Mi bebé. Mi pequeño e inocente bebé. Un ser que no tenía la culpa de la crueldad de su padre ni de la maldad de su tía. Un ser que, de alguna manera, ya era una parte de mí, de mi alma.
La pluma cayó de mis dedos. El papel se arrugó en mi mano.
No.
No podía. No podía quitarle la vida a este pequeño ser. No podía convertirme en un monstruo como ellos. No podía.
Mis ojos se cerraron con fuerza. Las lágrimas seguían cayendo, pero ahora eran diferentes. Eran lágrimas de pura angustia, mezcladas con una nueva y feroz determinación.
"No te voy a dejar", susurré a mi vientre, mi voz rota. "No voy a dejar que te usen, mi amor. No voy a dejar que te arrebaten. Escaparemos. Juntos".
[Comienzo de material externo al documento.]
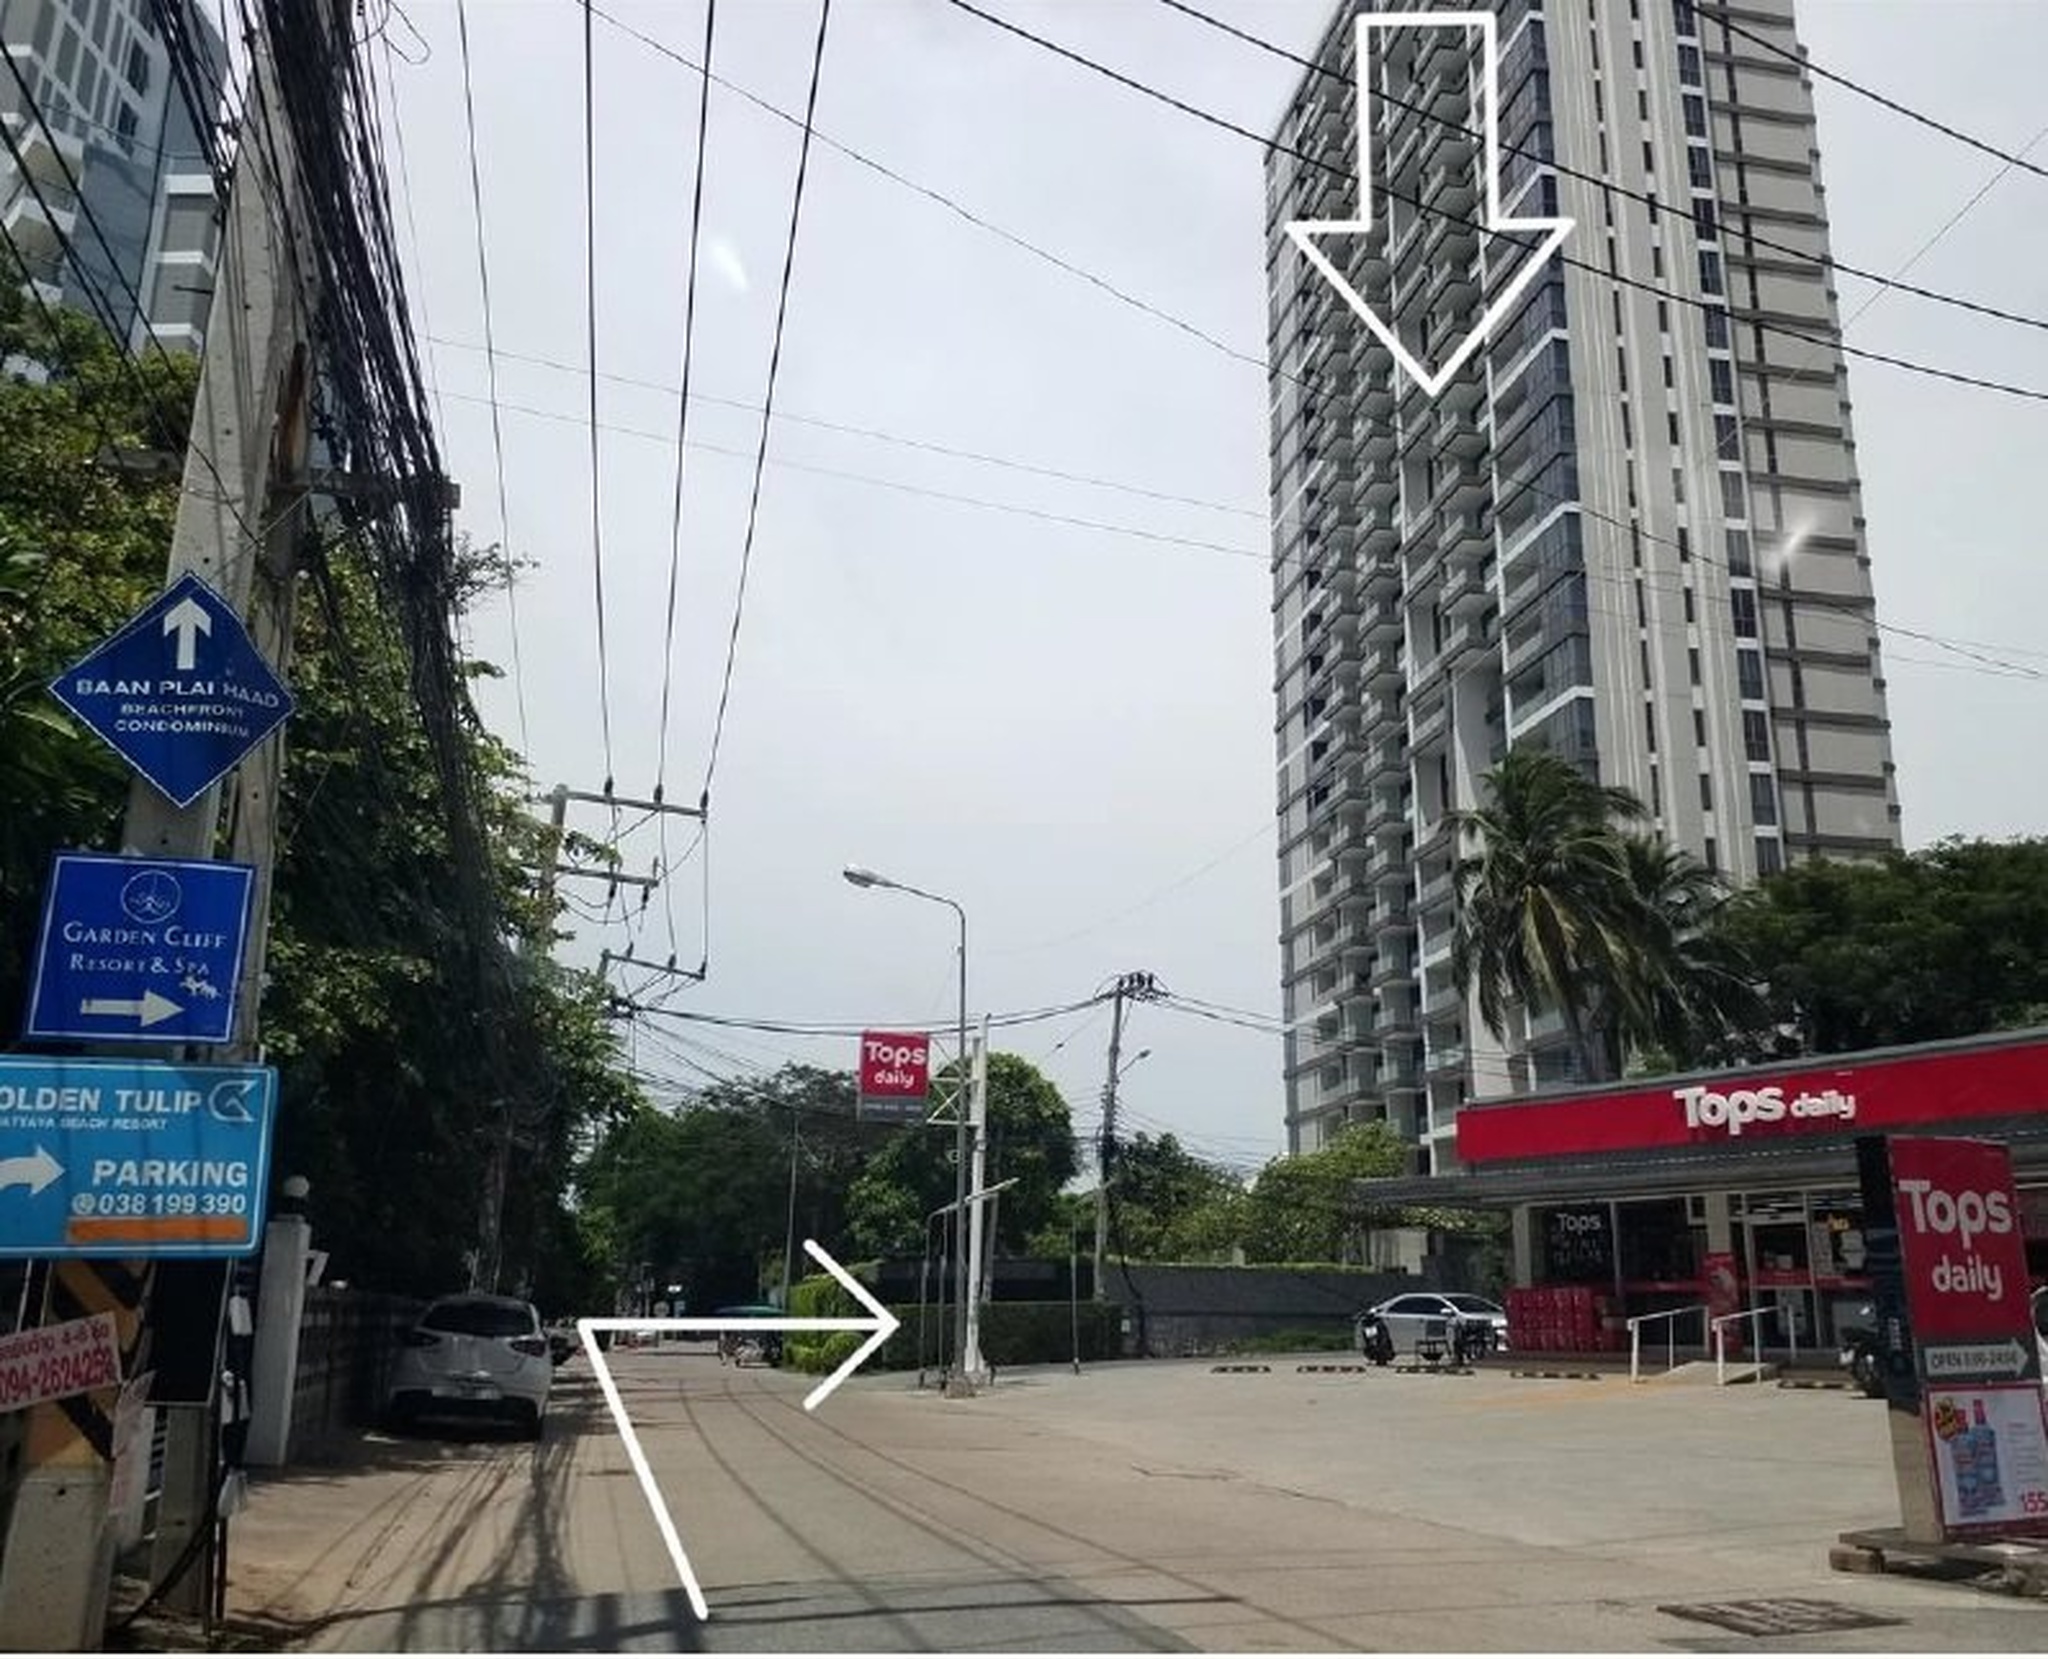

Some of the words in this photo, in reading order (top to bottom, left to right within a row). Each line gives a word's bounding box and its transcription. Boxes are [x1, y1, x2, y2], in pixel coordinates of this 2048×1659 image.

El aborto. Ya no era una opción. Este bebé era mío. Solo mío. Mi razón para luchar, para vivir. Y para huir. Tenía que huir. Con él, o ella. Lejos de esta familia envenenada. Lejos de este hombre que me había engañado tan cruelmente.
"Nos iremos lejos", prometí, sintiendo otra patadita. "Tendremos una vida nueva. Juntos. Una vida donde el amor sea real, y no una mentira cruel".
La decisión fue un torbellino de emociones, una mezcla de terror y una fuerza inquebrantable. Mi mano se aferró a mi vientre, protegiendo la vida que ahora era mi único ancla. El formulario de aborto, con la firma descuidada de Rodrigo, se arrugó en mi puño. Era un contrato de libertad, pero no de la forma en que él lo había imaginado. Era mi libertad para proteger a mi hijo. Mis ojos, antes llenos de lágrimas de desesperación, ahora brillaban con una determinación feroz. Ya no era la víctima pasiva. Era la guardiana de una nueva vida, y nadie, ni siquiera Rodrigo o Verónica, me arrebataría eso. Mi corazón, que había estado tan roto, comenzó a latir con un nuevo propósito, un ritmo feroz y protector.
No voy a ser la misma Daniela, pensé, mientras arrancaba el coche, ya no con el propósito de terminar una vida, sino de salvar dos.